**ASSIGNMENT**
All entries that follow are to be printed exactly as written.
INPUT MATERIAL section start
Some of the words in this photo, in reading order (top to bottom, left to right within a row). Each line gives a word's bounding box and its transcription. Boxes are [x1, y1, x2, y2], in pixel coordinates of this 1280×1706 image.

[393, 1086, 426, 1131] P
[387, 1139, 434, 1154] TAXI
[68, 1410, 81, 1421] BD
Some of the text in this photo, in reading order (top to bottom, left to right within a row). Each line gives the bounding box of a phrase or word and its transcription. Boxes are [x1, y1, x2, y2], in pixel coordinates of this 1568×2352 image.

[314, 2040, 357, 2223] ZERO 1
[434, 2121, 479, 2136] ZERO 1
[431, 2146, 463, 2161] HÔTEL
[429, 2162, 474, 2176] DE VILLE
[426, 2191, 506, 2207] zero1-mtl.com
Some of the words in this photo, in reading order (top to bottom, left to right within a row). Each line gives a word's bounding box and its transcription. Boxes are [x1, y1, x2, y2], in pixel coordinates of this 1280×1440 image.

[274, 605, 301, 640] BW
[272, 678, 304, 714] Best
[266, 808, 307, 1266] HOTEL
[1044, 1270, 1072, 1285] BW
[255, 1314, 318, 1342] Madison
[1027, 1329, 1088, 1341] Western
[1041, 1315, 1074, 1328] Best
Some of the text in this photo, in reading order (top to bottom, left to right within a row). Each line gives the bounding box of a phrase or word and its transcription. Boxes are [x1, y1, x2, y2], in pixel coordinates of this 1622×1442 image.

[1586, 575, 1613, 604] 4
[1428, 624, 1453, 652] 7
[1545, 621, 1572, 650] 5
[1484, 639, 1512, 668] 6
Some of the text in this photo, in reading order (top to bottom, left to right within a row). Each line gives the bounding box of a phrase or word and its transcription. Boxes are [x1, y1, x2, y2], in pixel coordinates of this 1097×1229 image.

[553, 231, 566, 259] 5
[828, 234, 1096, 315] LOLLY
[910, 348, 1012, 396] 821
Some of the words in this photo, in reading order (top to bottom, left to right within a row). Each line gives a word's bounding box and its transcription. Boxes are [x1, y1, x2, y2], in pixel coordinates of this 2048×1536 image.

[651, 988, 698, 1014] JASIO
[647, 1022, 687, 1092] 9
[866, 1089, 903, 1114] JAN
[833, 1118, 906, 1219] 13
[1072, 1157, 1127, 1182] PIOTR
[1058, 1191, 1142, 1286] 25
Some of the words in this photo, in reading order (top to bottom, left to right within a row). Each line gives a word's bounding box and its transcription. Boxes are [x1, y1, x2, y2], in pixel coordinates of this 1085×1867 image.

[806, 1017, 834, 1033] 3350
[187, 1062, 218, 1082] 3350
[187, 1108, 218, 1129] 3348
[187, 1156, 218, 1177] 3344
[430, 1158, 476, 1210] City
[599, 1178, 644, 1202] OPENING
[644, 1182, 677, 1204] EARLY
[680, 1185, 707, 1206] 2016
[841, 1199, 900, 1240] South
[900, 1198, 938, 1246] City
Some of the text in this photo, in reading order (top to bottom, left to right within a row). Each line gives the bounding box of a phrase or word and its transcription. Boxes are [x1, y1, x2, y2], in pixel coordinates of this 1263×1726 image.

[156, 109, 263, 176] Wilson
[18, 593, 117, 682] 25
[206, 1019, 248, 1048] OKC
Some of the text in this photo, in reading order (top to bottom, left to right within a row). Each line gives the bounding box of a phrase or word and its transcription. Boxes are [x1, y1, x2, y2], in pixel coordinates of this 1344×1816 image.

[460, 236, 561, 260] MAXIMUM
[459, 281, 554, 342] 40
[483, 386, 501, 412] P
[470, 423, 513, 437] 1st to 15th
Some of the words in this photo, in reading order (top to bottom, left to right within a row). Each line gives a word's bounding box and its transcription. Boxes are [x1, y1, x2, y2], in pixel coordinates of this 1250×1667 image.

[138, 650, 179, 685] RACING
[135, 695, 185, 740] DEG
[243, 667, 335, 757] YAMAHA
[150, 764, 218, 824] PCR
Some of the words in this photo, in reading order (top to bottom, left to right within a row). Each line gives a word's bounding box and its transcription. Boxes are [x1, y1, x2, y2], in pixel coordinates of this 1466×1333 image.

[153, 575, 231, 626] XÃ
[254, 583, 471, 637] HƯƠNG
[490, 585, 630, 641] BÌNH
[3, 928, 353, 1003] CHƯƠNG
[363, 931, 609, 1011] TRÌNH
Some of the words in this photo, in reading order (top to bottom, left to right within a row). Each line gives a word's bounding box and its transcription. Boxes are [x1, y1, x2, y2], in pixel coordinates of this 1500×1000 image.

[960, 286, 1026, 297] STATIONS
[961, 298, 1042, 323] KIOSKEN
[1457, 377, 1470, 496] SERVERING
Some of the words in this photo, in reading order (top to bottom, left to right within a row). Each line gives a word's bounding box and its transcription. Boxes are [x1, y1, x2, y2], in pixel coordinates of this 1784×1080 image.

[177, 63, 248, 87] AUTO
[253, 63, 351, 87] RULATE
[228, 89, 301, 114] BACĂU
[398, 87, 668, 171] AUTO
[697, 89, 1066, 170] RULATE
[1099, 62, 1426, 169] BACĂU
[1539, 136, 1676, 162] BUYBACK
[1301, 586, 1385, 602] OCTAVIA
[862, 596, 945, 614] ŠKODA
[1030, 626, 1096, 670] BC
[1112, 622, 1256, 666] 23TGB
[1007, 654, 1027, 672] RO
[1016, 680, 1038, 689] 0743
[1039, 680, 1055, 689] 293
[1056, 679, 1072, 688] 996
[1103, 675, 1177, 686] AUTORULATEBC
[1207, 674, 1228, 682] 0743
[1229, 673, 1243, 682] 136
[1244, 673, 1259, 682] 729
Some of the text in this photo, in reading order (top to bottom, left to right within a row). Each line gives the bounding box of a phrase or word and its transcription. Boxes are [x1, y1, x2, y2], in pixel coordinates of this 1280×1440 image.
INPUT MATERIAL section end
**ANSWER TO THIS PROBLEM**
Some of the words in this photo, in reading order (top to bottom, left to right within a row). Each line gives a word's bounding box and its transcription. Boxes are [x1, y1, x2, y2], in pixel coordinates of this 1280×1706 image.

[393, 1086, 426, 1131] P
[387, 1139, 434, 1154] TAXI
[68, 1410, 81, 1421] BD
Some of the text in this photo, in reading order (top to bottom, left to right within a row). Each line gives the bounding box of a phrase or word and its transcription. Boxes are [x1, y1, x2, y2], in pixel coordinates of this 1568×2352 image.

[314, 2040, 357, 2223] ZERO 1
[434, 2121, 479, 2136] ZERO 1
[431, 2146, 463, 2161] HÔTEL
[429, 2162, 474, 2176] DE VILLE
[426, 2191, 506, 2207] zero1-mtl.com
Some of the words in this photo, in reading order (top to bottom, left to right within a row). Each line gives a word's bounding box and its transcription. Boxes are [x1, y1, x2, y2], in pixel coordinates of this 1280×1440 image.

[274, 605, 301, 640] BW
[272, 678, 304, 714] Best
[266, 808, 307, 1266] HOTEL
[1044, 1270, 1072, 1285] BW
[255, 1314, 318, 1342] Madison
[1027, 1329, 1088, 1341] Western
[1041, 1315, 1074, 1328] Best
Some of the text in this photo, in reading order (top to bottom, left to right within a row). Each line gives the bounding box of a phrase or word and its transcription. Boxes are [x1, y1, x2, y2], in pixel coordinates of this 1622×1442 image.

[1586, 575, 1613, 604] 4
[1428, 624, 1453, 652] 7
[1545, 621, 1572, 650] 5
[1484, 639, 1512, 668] 6
Some of the text in this photo, in reading order (top to bottom, left to right within a row). Each line gives the bounding box of a phrase or word and its transcription. Boxes are [x1, y1, x2, y2], in pixel coordinates of this 1097×1229 image.

[553, 231, 566, 259] 5
[828, 234, 1096, 315] LOLLY
[910, 348, 1012, 396] 821
Some of the words in this photo, in reading order (top to bottom, left to right within a row). Each line gives a word's bounding box and its transcription. Boxes are [x1, y1, x2, y2], in pixel coordinates of this 2048×1536 image.

[651, 988, 698, 1014] JASIO
[647, 1022, 687, 1092] 9
[866, 1089, 903, 1114] JAN
[833, 1118, 906, 1219] 13
[1072, 1157, 1127, 1182] PIOTR
[1058, 1191, 1142, 1286] 25
Some of the words in this photo, in reading order (top to bottom, left to right within a row). Each line gives a word's bounding box and its transcription. Boxes are [x1, y1, x2, y2], in pixel coordinates of this 1085×1867 image.

[806, 1017, 834, 1033] 3350
[187, 1062, 218, 1082] 3350
[187, 1108, 218, 1129] 3348
[187, 1156, 218, 1177] 3344
[430, 1158, 476, 1210] City
[599, 1178, 644, 1202] OPENING
[644, 1182, 677, 1204] EARLY
[680, 1185, 707, 1206] 2016
[841, 1199, 900, 1240] South
[900, 1198, 938, 1246] City
Some of the text in this photo, in reading order (top to bottom, left to right within a row). Each line gives the bounding box of a phrase or word and its transcription. Boxes are [x1, y1, x2, y2], in pixel coordinates of this 1263×1726 image.

[156, 109, 263, 176] Wilson
[18, 593, 117, 682] 25
[206, 1019, 248, 1048] OKC
Some of the text in this photo, in reading order (top to bottom, left to right within a row). Each line gives the bounding box of a phrase or word and its transcription. Boxes are [x1, y1, x2, y2], in pixel coordinates of this 1344×1816 image.

[460, 236, 561, 260] MAXIMUM
[459, 281, 554, 342] 40
[483, 386, 501, 412] P
[470, 423, 513, 437] 1st to 15th
Some of the words in this photo, in reading order (top to bottom, left to right within a row). Each line gives a word's bounding box and its transcription. Boxes are [x1, y1, x2, y2], in pixel coordinates of this 1250×1667 image.

[138, 650, 179, 685] RACING
[135, 695, 185, 740] DEG
[243, 667, 335, 757] YAMAHA
[150, 764, 218, 824] PCR
Some of the words in this photo, in reading order (top to bottom, left to right within a row). Each line gives a word's bounding box and its transcription. Boxes are [x1, y1, x2, y2], in pixel coordinates of this 1466×1333 image.

[153, 575, 231, 626] XÃ
[254, 583, 471, 637] HƯƠNG
[490, 585, 630, 641] BÌNH
[3, 928, 353, 1003] CHƯƠNG
[363, 931, 609, 1011] TRÌNH
Some of the words in this photo, in reading order (top to bottom, left to right within a row). Each line gives a word's bounding box and its transcription. Boxes are [x1, y1, x2, y2], in pixel coordinates of this 1500×1000 image.

[960, 286, 1026, 297] STATIONS
[961, 298, 1042, 323] KIOSKEN
[1457, 377, 1470, 496] SERVERING
Some of the words in this photo, in reading order (top to bottom, left to right within a row). Each line gives a word's bounding box and its transcription. Boxes are [x1, y1, x2, y2], in pixel coordinates of this 1784×1080 image.

[177, 63, 248, 87] AUTO
[253, 63, 351, 87] RULATE
[228, 89, 301, 114] BACĂU
[398, 87, 668, 171] AUTO
[697, 89, 1066, 170] RULATE
[1099, 62, 1426, 169] BACĂU
[1539, 136, 1676, 162] BUYBACK
[1301, 586, 1385, 602] OCTAVIA
[862, 596, 945, 614] ŠKODA
[1030, 626, 1096, 670] BC
[1112, 622, 1256, 666] 23TGB
[1007, 654, 1027, 672] RO
[1016, 680, 1038, 689] 0743
[1039, 680, 1055, 689] 293
[1056, 679, 1072, 688] 996
[1103, 675, 1177, 686] AUTORULATEBC
[1207, 674, 1228, 682] 0743
[1229, 673, 1243, 682] 136
[1244, 673, 1259, 682] 729
Some of the text in this photo, in reading order (top to bottom, left to right within a row). Each line gives the bounding box of a phrase or word and its transcription. Boxes are [x1, y1, x2, y2], in pixel coordinates of this 1280×1440 image.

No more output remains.